Una curiosità, perché di notte quando cala la temperatura aumenta l'umidità non dovrebbe essere al contrario visto che un aumento di temperatura favorisce l'evaporazione e quindi più vapore acqueo nell'aria? Grazie
La massima quantità di vapore acqueo che un volume d'aria può contenere aumenta all'aumentare della temperatura. A titolo d'esempio un metro cubo d'aria che, alla normale pressione atmosferica, si trovi a 20 °C potrà contenere al massimo circa 15 grammi di vapore acqueo, lo stesso metro cubo d'aria, qualora si trovasse a 30 °C, ne potrebbe ospitare al massimo circa 28 grammi. Quando, passando dal giorno alla notte, la quantità assoluta di vapore acqueo non cambia, supponiamo di averne 14 grammi al metro cubo, durante il giorno, con una temperatura di 30 °C, avremo un'umidità relativa di circa il 50% (metà del massimo). Durante la notte, qualora la temperatura raggiungesse i 20 °C, l'umidità sarebbe prossima al 100% (quasi al massimo). Con questo semplice esempio è spiegato il motivo dell'oscillazione diurna e notturna dell'umidità relativa.

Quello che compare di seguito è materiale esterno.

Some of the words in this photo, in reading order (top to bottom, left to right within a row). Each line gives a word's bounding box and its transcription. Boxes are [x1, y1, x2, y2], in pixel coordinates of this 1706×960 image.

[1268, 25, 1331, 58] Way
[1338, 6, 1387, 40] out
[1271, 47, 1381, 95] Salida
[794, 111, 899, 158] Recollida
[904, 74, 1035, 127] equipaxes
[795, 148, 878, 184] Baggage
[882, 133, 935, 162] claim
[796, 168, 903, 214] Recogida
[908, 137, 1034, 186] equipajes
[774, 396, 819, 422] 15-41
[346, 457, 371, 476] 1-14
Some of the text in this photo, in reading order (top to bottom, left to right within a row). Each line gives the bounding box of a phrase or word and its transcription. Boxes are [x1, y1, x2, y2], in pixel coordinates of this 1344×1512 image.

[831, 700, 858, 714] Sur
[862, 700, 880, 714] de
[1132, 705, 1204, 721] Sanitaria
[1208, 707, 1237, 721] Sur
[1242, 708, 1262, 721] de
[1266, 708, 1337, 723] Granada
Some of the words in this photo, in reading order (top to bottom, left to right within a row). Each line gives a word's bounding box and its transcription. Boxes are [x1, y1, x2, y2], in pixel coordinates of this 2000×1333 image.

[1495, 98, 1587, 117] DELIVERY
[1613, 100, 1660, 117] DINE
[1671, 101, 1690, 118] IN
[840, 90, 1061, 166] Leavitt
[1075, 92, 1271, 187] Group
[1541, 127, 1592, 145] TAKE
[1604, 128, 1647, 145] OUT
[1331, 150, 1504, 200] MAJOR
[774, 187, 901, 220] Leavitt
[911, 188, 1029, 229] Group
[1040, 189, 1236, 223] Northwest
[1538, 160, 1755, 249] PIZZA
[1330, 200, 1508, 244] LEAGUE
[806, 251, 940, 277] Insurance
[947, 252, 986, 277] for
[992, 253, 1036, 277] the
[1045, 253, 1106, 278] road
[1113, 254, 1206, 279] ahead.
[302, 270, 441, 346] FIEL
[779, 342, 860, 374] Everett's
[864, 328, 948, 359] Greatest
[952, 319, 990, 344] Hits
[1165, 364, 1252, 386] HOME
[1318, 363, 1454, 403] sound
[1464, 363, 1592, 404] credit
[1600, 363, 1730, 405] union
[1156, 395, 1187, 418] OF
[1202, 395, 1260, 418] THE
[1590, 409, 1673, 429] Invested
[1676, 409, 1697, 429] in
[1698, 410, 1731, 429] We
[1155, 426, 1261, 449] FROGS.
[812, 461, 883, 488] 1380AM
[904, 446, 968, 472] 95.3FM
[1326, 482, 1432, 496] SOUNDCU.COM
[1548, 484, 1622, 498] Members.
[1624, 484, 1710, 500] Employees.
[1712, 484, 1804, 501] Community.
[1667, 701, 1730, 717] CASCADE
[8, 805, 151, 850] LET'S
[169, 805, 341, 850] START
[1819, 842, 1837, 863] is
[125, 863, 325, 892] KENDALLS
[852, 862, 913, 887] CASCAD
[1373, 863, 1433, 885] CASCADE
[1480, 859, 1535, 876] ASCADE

Prima di concludere è interessante spendere ancora qualche parola sul perché i fisici, notoriamente sempre alla ricerca di quantità invarianti nelle trasformazioni, abbiano partorito l'umidità relativa che, per sua natura, è molto variabile. La risposta si trova nell'enorme importanza che ha il fatto di conoscere quanto si sia lontani o vicini dalla saturazione. Sapere che si è prossimi alla saturazione significa sapere che siamo prossimi alla condensazione, cioè alla formazione delle nubi, quindi a possibili nebbie o piogge. Inoltre molti processi sono favoriti o sfavoriti da quanto si sia vicini o lontani dalla saturazione. Il bucato si asciuga prima quando siamo lontani dalla saturazione (conviene mettere a stendere durante il giorno e non durante la notte), la termoregolazione del nostro corpo, che avviene in buona parte grazie all'evapo-traspirazione, è favorita se siamo lontani dalla saturazione. L'umidità relativa, quindi, è estremamente importante non perché ci dia informazioni sulla reale quantità di vapore acqueo presente in atmosfera, ma perché ci dà utili indicazioni sull'efficienza di molti processi che dipendono dalla lontananza o prossimità dalla saturazione.